The key is LOCAL, LOCAL, LOCAL - news, features and advertising. That's the same niche community newspapers are playing right now.
I can almost guarantee than any newspaper that publishes a good on-line newspaper will receive 10 to 20 times more page views or visitors than any other web site serving that same community.
That means anyone in a given community who wants a strong presence on the World Wide Web ought to be linked off or be part of the local on-line newspaper. That on-line newspaper will be the best place to advertise on-line.
Most newspapers depend heavily on classified ad revenue - some papers receive up to 40 percent of their revenue from classifieds. This is an area that is vulnerable to on-line competition as classifieds are relatively easy to publish on the Internet, and New Media companies are looking to classified ads as a potential source of revenue.
But these New Media competitors are at a great disadvantage compared to newspapers: They have no classified base to start from.
Newspapers have a base - their print classifieds plus the historic role of being the business the community depends on to publish classifieds. If newspapers publish their classifieds on the Internet I think they will prevent any local competitors from successfully entering the market.

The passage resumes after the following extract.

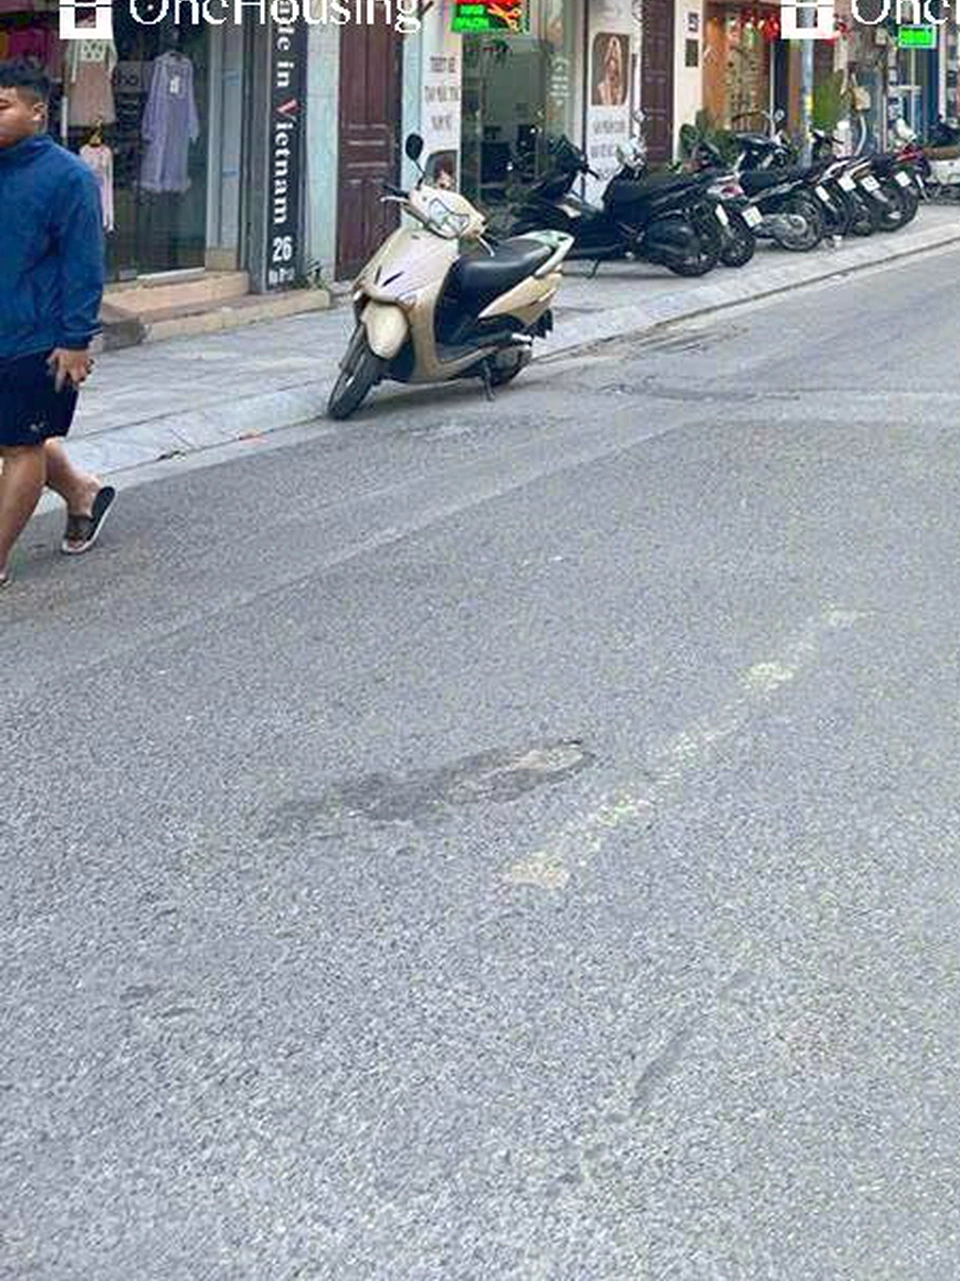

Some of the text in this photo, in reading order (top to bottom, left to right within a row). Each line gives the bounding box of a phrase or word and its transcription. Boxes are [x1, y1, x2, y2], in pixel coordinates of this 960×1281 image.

[277, 61, 295, 88] in
[273, 97, 299, 225] Vietnam
[272, 235, 293, 262] 26

Equally important is the fact that readers like to use on-line classifieds.
Our statistics consistently show that 33 to 42 percent of the page views for community on-line newspapers are for classifieds. This is great news. It means that readers of on-line newspapers are shoppers. This has tremendous implications for on-line advertising: Advertisers naturally want to be where the shoppers are.
Also vulnerable to neglect are directories, such as business, restaurant, lodging, professional, entertainment and other guides historically published by newspapers.

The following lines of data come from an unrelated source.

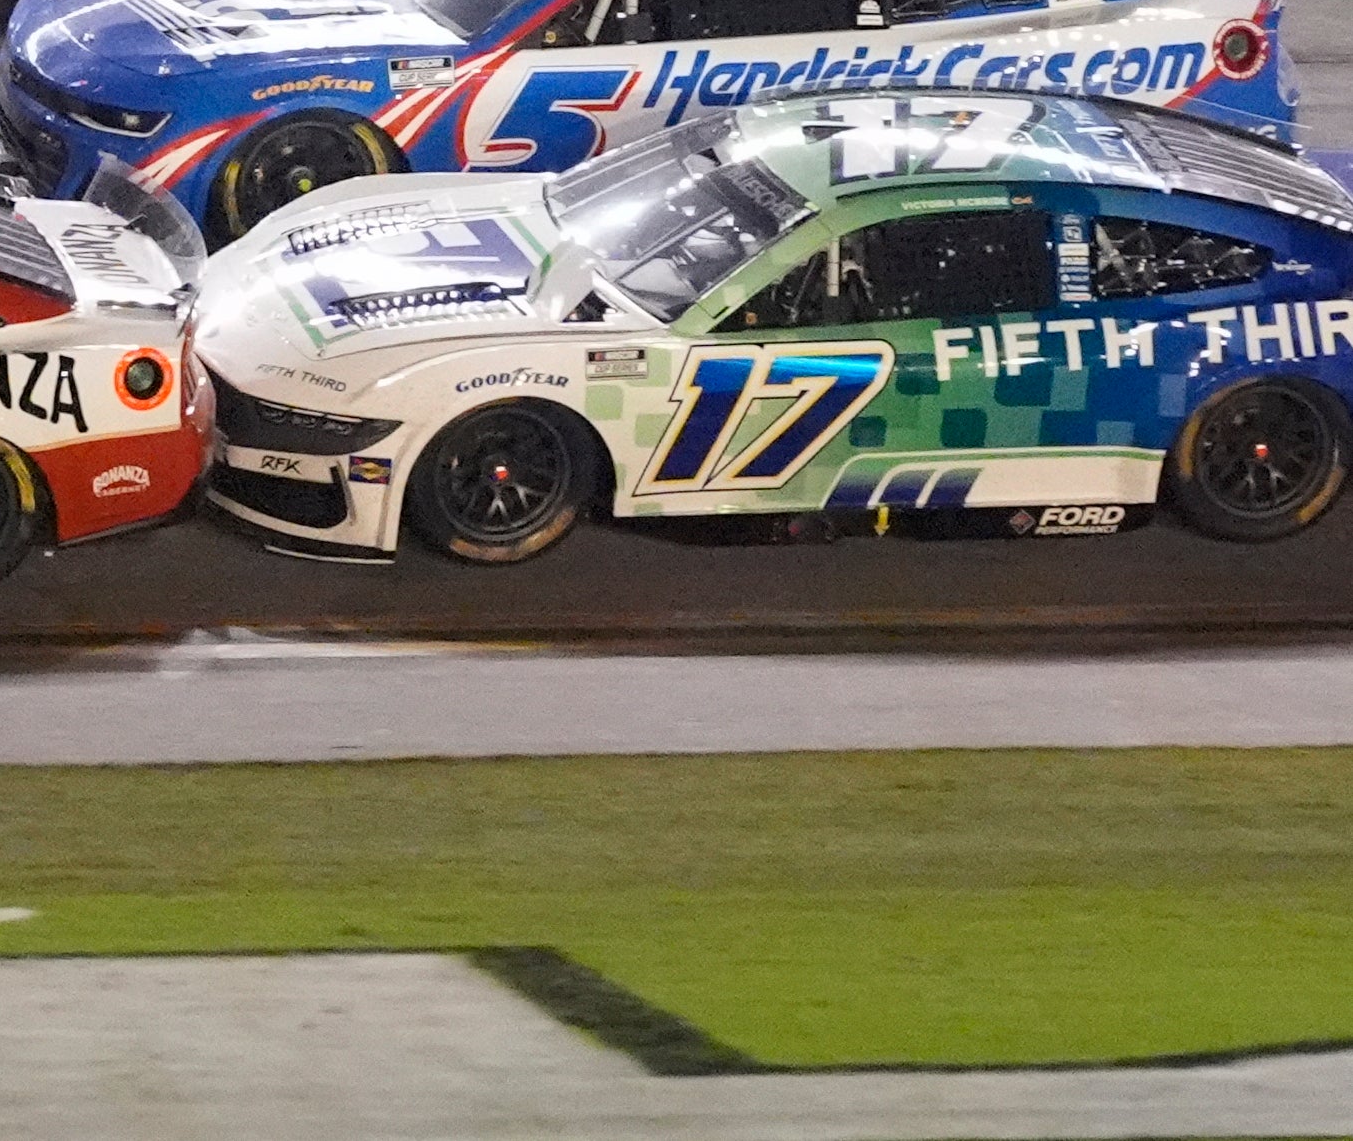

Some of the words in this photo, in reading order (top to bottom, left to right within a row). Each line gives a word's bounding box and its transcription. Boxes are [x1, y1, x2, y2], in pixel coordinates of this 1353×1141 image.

[250, 75, 375, 101] GOODYEAR
[480, 64, 642, 172] 5
[932, 316, 1156, 382] FIFTH
[1187, 299, 1353, 365] THIR
[255, 362, 297, 380] FIFTH
[302, 369, 348, 393] THIRD
[455, 367, 570, 394] GOODYEAR
[631, 338, 896, 498] 17
[93, 464, 151, 492] BONANZA
[1034, 524, 1120, 536] PERFORMANCE
[1038, 506, 1126, 526] FORD

During my days of selling newspaper advertising, the worst month of the year occurred when the phone companies sent in Yellow Page advertising representatives. The phone book directory ad sales folks are good, well-trained and know how to suck up money from local advertising budgets.
The good news was that the phone directories were printed but once a year.
With the new technology, the phone directories and Yellow Pages can be published 24 hours a day, seven days a week 52 weeks a year.
Newspaper publishers who don't strike first with their own on-line community directories will be vulnerable to a strong competitor - on-line phone directories that can offer summer clearance sales to the local drug store, etc.
To learn about the future, we should look at the past.
When the San Jose Mercury News launched the first on-line newspaper, the Mercury Center, nearly a score of years ago, the first results were disappointing: Modems were slow, software cumbersome and the public's response was lukewarm. The vast majority of people accessing the Mercury Center resembled Ham radio operators - older adult males who didn't buy much of anything. Especially disappointing in the early days was the near universal avoidance of the Mercury Center by women, who do most of the consumer buying. Advertisers were turned off.
All that has changed. Modems are vastly faster and easier to use; software is greatly advanced and almost to the end-user; access is becoming ubiquitous, including via TV sets; women are projected to soon be the majority users on the Internet; web commerce is growing at huge rates. Major advertisers, such as Proctor & Gamble, say they are going to start spending much of their advertising budgets on the Internet.
The Internet is likely to reach 30 percent saturation of American households three to four times faster than did radio and television.
Most newspaper executives realize, some grudgingly, that they can't dominate their local information market without a solid Internet presence.
My prediction: the newspaper executives who have dragged their heals regarding the Internet will change their minds before Jan. 1, 2000. Those who don't will either retire or be replaced.